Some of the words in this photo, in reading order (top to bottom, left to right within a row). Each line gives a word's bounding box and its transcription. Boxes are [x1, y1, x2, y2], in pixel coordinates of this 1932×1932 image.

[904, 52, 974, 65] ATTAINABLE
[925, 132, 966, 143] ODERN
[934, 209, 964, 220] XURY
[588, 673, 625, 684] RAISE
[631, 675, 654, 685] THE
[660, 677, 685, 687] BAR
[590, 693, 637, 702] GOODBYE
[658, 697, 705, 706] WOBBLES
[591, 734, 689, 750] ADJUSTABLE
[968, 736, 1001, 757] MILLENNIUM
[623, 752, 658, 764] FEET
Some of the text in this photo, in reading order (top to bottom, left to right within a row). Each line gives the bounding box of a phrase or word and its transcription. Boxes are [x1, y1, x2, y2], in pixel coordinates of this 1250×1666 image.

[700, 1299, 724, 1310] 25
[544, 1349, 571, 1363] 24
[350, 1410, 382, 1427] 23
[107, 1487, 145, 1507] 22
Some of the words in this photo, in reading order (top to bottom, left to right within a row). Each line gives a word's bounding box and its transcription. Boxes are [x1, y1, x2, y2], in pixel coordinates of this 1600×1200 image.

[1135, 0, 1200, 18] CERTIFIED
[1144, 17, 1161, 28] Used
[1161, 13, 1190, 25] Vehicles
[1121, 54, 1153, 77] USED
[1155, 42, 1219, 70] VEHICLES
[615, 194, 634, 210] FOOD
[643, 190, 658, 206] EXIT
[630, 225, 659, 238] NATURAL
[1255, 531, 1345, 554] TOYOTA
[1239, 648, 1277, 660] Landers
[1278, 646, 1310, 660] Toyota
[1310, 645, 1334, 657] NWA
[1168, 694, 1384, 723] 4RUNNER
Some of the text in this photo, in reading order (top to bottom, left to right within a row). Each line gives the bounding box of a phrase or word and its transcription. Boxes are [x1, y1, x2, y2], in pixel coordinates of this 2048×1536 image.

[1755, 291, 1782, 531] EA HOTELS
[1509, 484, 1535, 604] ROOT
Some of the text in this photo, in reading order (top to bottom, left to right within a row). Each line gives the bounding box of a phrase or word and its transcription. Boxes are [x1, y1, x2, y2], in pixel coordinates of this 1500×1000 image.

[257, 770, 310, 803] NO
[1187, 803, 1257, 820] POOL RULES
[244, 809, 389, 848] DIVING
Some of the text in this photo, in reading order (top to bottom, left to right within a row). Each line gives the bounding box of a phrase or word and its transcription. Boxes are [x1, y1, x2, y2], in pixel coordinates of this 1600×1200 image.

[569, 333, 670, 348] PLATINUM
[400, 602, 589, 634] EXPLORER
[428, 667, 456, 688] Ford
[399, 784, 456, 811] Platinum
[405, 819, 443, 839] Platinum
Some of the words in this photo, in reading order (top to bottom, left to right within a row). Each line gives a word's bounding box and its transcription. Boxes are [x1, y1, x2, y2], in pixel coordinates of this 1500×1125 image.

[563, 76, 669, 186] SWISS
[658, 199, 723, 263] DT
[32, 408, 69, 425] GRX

....

• _Instructions to follow_
In this exercise, reproduce the material word for word, in full.

• _Response below_
Some of the words in this photo, in reading order (top to bottom, left to right within a row). Each line gives a word's bounding box and its transcription. Boxes are [x1, y1, x2, y2], in pixel coordinates of this 1932×1932 image.

[904, 52, 974, 65] ATTAINABLE
[925, 132, 966, 143] ODERN
[934, 209, 964, 220] XURY
[588, 673, 625, 684] RAISE
[631, 675, 654, 685] THE
[660, 677, 685, 687] BAR
[590, 693, 637, 702] GOODBYE
[658, 697, 705, 706] WOBBLES
[591, 734, 689, 750] ADJUSTABLE
[968, 736, 1001, 757] MILLENNIUM
[623, 752, 658, 764] FEET
Some of the text in this photo, in reading order (top to bottom, left to right within a row). Each line gives the bounding box of a phrase or word and its transcription. Boxes are [x1, y1, x2, y2], in pixel coordinates of this 1250×1666 image.

[700, 1299, 724, 1310] 25
[544, 1349, 571, 1363] 24
[350, 1410, 382, 1427] 23
[107, 1487, 145, 1507] 22
Some of the words in this photo, in reading order (top to bottom, left to right within a row). Each line gives a word's bounding box and its transcription. Boxes are [x1, y1, x2, y2], in pixel coordinates of this 1600×1200 image.

[1135, 0, 1200, 18] CERTIFIED
[1144, 17, 1161, 28] Used
[1161, 13, 1190, 25] Vehicles
[1121, 54, 1153, 77] USED
[1155, 42, 1219, 70] VEHICLES
[615, 194, 634, 210] FOOD
[643, 190, 658, 206] EXIT
[630, 225, 659, 238] NATURAL
[1255, 531, 1345, 554] TOYOTA
[1239, 648, 1277, 660] Landers
[1278, 646, 1310, 660] Toyota
[1310, 645, 1334, 657] NWA
[1168, 694, 1384, 723] 4RUNNER
Some of the text in this photo, in reading order (top to bottom, left to right within a row). Each line gives the bounding box of a phrase or word and its transcription. Boxes are [x1, y1, x2, y2], in pixel coordinates of this 2048×1536 image.

[1755, 291, 1782, 531] EA HOTELS
[1509, 484, 1535, 604] ROOT
Some of the text in this photo, in reading order (top to bottom, left to right within a row). Each line gives the bounding box of a phrase or word and its transcription. Boxes are [x1, y1, x2, y2], in pixel coordinates of this 1500×1000 image.

[257, 770, 310, 803] NO
[1187, 803, 1257, 820] POOL RULES
[244, 809, 389, 848] DIVING
Some of the text in this photo, in reading order (top to bottom, left to right within a row). Each line gives the bounding box of a phrase or word and its transcription. Boxes are [x1, y1, x2, y2], in pixel coordinates of this 1600×1200 image.

[569, 333, 670, 348] PLATINUM
[400, 602, 589, 634] EXPLORER
[428, 667, 456, 688] Ford
[399, 784, 456, 811] Platinum
[405, 819, 443, 839] Platinum
Some of the words in this photo, in reading order (top to bottom, left to right within a row). Each line gives a word's bounding box and its transcription. Boxes are [x1, y1, x2, y2], in pixel coordinates of this 1500×1125 image.

[563, 76, 669, 186] SWISS
[658, 199, 723, 263] DT
[32, 408, 69, 425] GRX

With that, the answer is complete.